In the context of the Qatar World Cup migrant worker exploitation and forced labor allegations have been a major concern and conditions faced by workers like Bide have been commonplace. Bide Majakoti travelled from Nepal on the promise of a well-paid job and paid high recruitment fees to secure it. When he arrived in Qatar, he was forced to accept a different job and his nightmare with exploitation and modern slavery began. Bide was forced to do his job in terrible working conditions, in the blistering heat without safety precautions or pay. Fortunately, he was able to return home, although saddled with debt. Thousands of other workers never get that chance and are denied exit visas, forced to work long hours with little rest despite the high heat.
The task for anti-trafficking activists promoting an informed understanding of human trafficking around major sporting events has, until Qatar 2022, been focused on attempting to reframe the public narrative and reduce misinformation, to some success. Sporting events sharpen the focus of a wider narrative that sees trafficking as only for the purpose of sexual exploitation, disregarding forced labor.
Attention on labor exploitation exceptional
In this context, attention given to labor exploitation in the run up and during the World Cup is somewhat exceptional. Yes, the infrastructure needs in Qatar for preparation were also exceptional, as is the large-scale use of migrant labor, many of whom were living and working in exploitative conditions, even risking their lives. Forced labor is endemic. It is estimated that 28 million are living in forced labor in 2021. This should be a conversation we’re always having. What about the working conditions?
Campaigning began several years prior soon after Qatar won the bid highlighting the kafala system in which workers’ immigration status is tied to their employer, facilitating coercion and so their abuse as widely documented across the Gulf region.
The success of the campaigning is marked by the commitment made by the Qatari authorities and the legislative changes to the employer system.
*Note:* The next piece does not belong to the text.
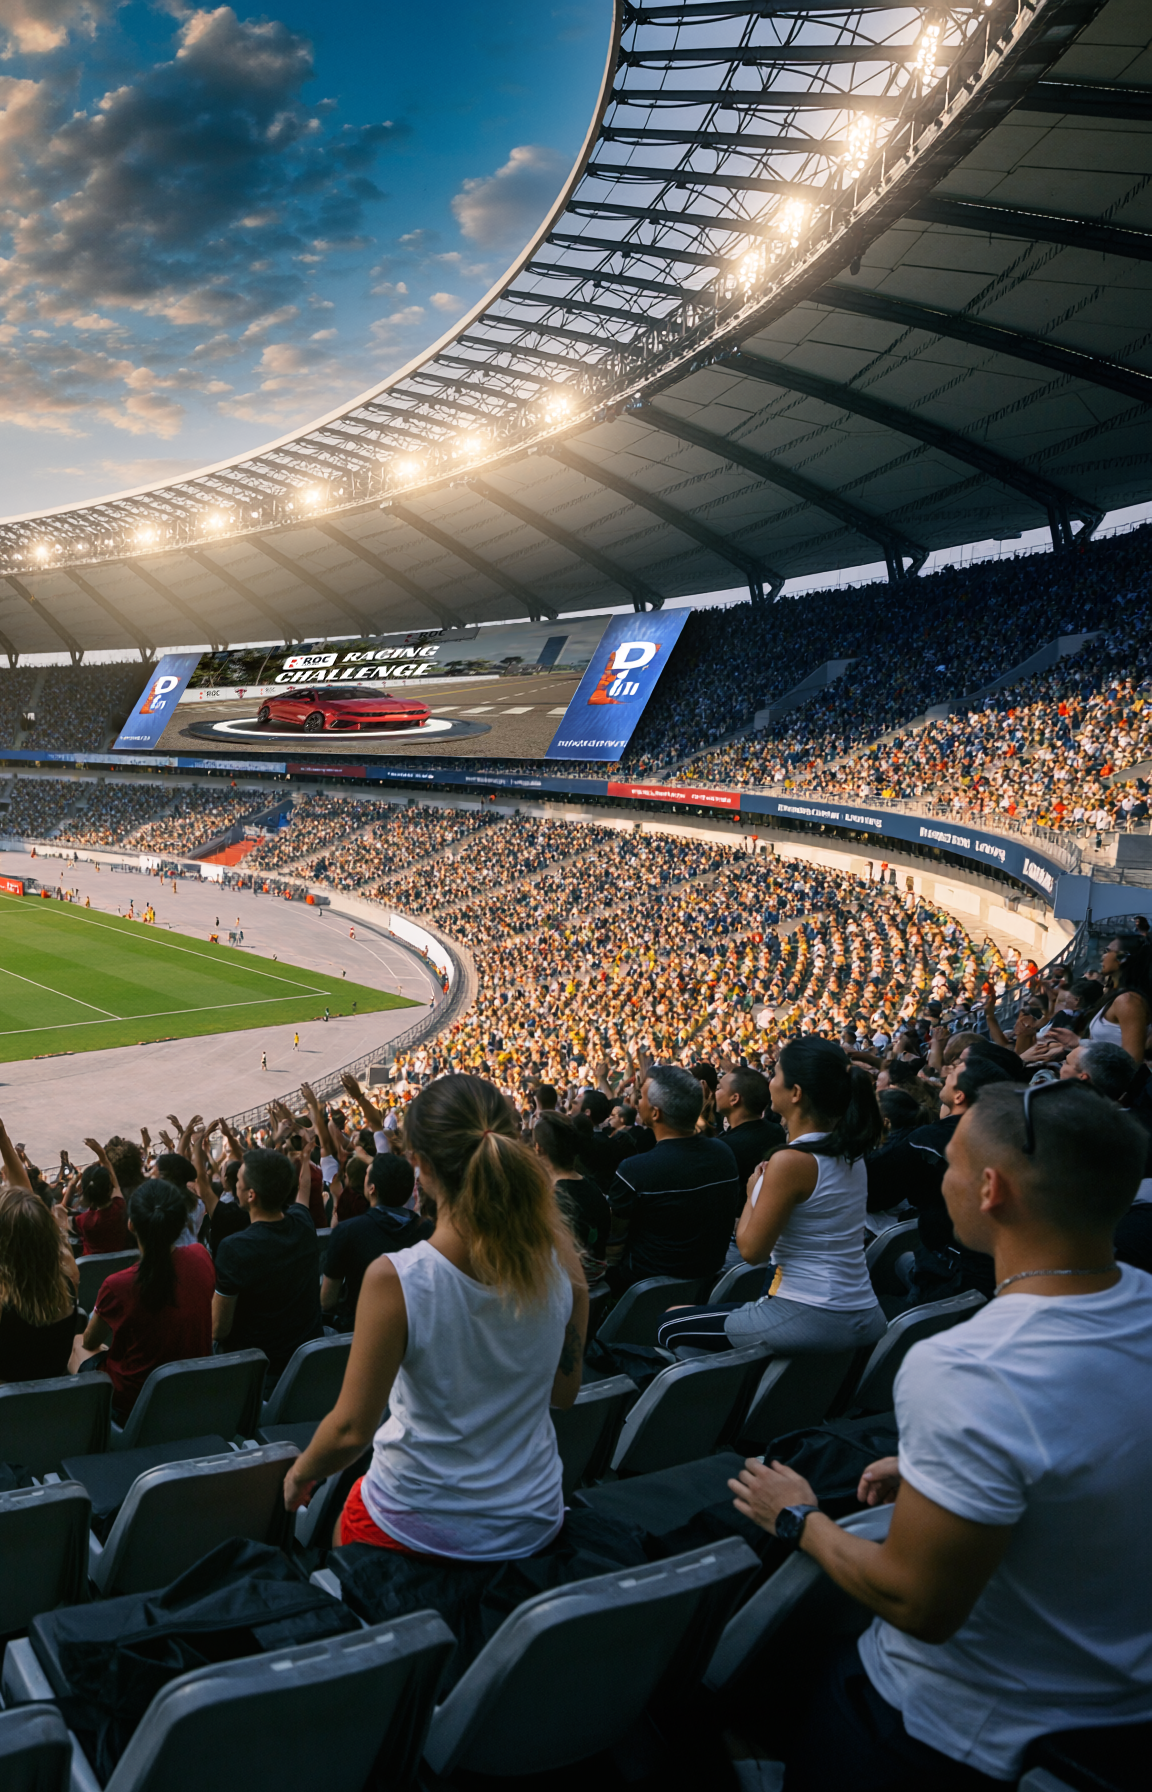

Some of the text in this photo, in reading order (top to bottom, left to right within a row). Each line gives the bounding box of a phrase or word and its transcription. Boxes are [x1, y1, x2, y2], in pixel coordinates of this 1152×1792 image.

The failure has been in redress for workers who were exploited, particularly the lack of a compensation fund, and the failure of workers enjoying these changes.
Nevertheless, what Qatar did do, albeit in limited framing, was increase awareness of the negative side of the global economy, how ‘labor’ is treated as a commodity from which profit can be squeezed, and how when coupled with discrimination based on race and/or nationality, that the systematic exploitation of people happens.
Modern slavery in the United States
Next up is Canada, Mexico and the United States who are co-hosting the football 2026 World Cup. Will we be able to leverage the same momentum to put the spotlight on exploited workers? Will other countries and Football Associations be putting pressure on the United States to reform their laws that allow slavery to continue legally? We certainly hope so as Freedom United is working towards a world in which policies and practices bring an end to all forms of modern slavery for everyone everywhere.